▶ REQUIRED WORK: Can you pull out each line of the data below that includes the word "BIKES"?

▶ MATERIAL SUPPLIED:
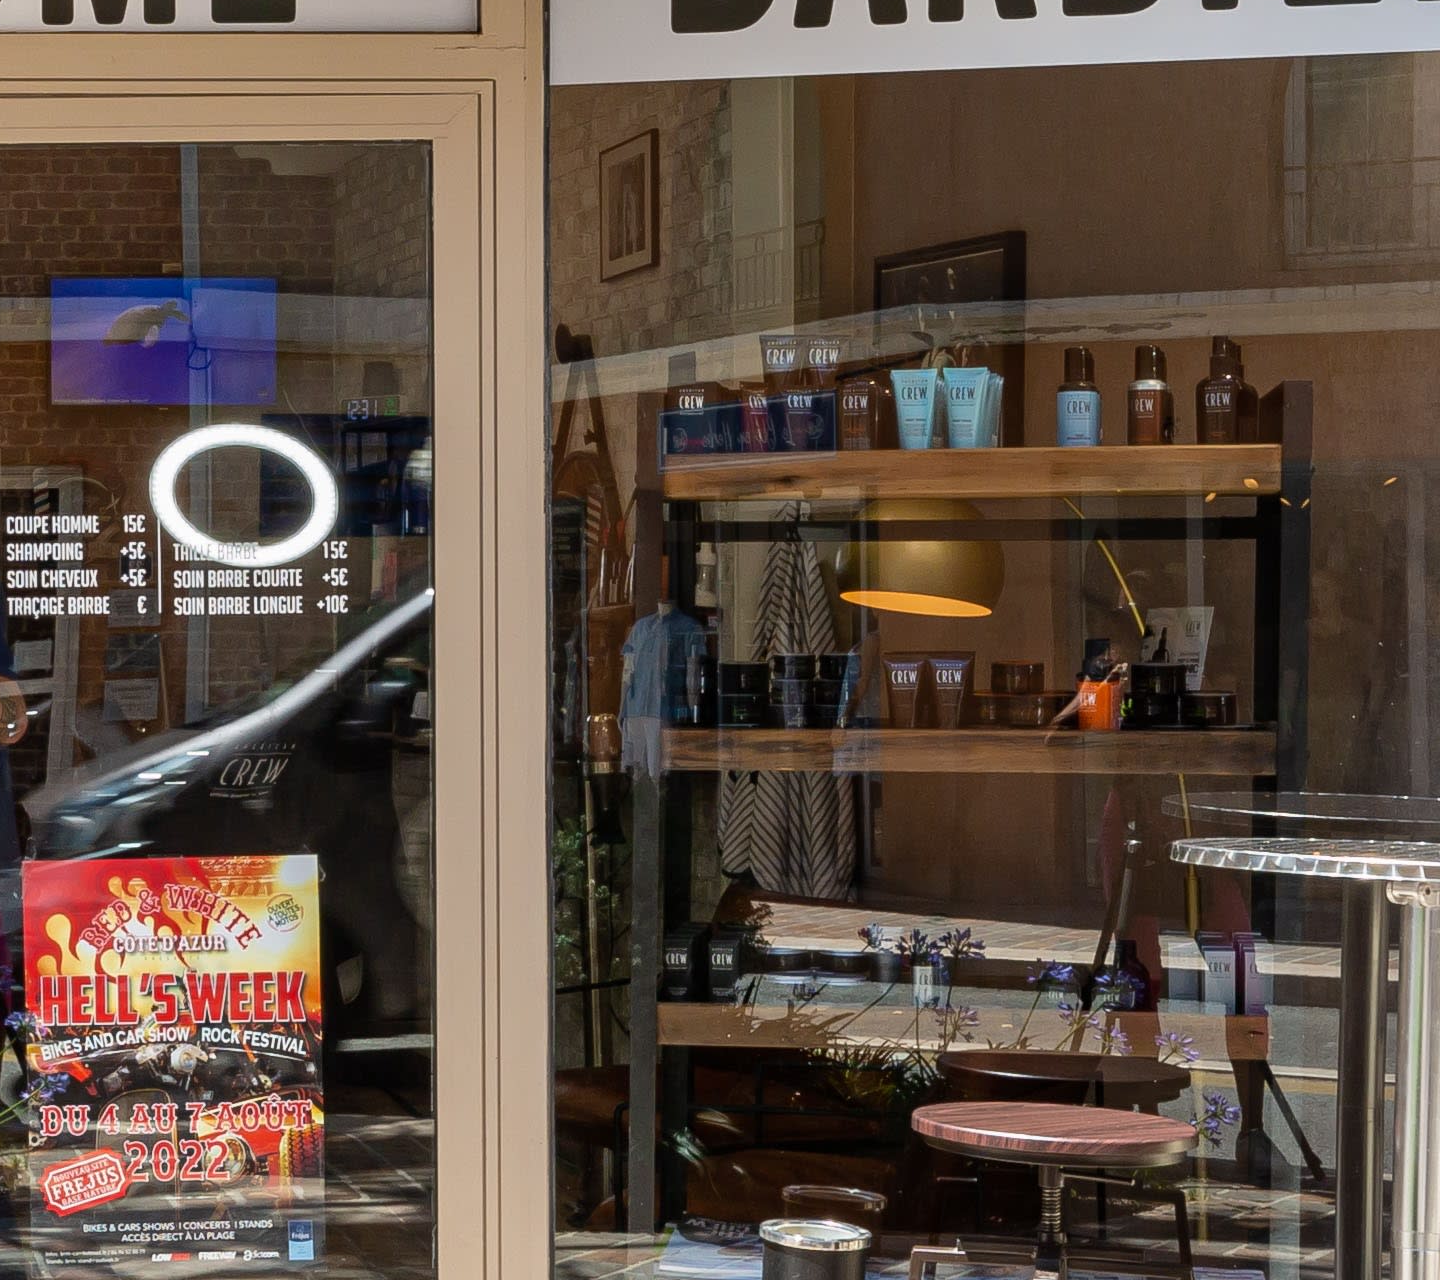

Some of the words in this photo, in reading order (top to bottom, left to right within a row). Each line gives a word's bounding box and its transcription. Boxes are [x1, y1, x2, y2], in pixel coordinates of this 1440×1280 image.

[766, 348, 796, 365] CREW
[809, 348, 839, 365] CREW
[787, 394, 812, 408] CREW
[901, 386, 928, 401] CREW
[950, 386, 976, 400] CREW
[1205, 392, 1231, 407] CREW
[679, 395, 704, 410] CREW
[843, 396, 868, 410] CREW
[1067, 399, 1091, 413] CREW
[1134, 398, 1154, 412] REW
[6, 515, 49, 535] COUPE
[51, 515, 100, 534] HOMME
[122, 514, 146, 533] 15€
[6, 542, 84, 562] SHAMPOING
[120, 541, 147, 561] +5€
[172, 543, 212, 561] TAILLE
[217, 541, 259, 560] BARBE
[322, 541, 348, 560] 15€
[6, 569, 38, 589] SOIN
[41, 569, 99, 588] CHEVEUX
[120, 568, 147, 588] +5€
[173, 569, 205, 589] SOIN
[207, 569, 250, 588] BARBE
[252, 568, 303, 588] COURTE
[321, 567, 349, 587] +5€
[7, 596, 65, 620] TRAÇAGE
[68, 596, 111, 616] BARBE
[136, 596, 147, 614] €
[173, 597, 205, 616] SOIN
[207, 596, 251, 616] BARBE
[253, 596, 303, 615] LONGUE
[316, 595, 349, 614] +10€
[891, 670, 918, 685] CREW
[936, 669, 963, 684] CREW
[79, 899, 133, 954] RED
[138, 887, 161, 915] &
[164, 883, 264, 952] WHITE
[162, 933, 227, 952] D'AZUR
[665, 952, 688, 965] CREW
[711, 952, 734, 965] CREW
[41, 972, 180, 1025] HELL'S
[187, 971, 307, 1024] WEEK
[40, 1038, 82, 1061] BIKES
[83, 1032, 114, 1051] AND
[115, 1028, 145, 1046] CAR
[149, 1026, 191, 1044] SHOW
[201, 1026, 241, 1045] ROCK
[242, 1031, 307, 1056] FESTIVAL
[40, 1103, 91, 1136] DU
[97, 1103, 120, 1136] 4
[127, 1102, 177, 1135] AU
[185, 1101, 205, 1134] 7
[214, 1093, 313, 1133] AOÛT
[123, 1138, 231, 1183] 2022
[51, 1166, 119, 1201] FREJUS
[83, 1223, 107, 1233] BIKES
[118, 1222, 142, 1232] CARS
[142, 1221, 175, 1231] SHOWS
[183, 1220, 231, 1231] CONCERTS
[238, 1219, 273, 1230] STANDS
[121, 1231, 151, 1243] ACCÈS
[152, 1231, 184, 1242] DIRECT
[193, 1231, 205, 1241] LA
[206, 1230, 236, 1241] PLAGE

▶ RESPONSE TO THIS EXERCISE:
[40, 1038, 82, 1061] BIKES
[83, 1223, 107, 1233] BIKES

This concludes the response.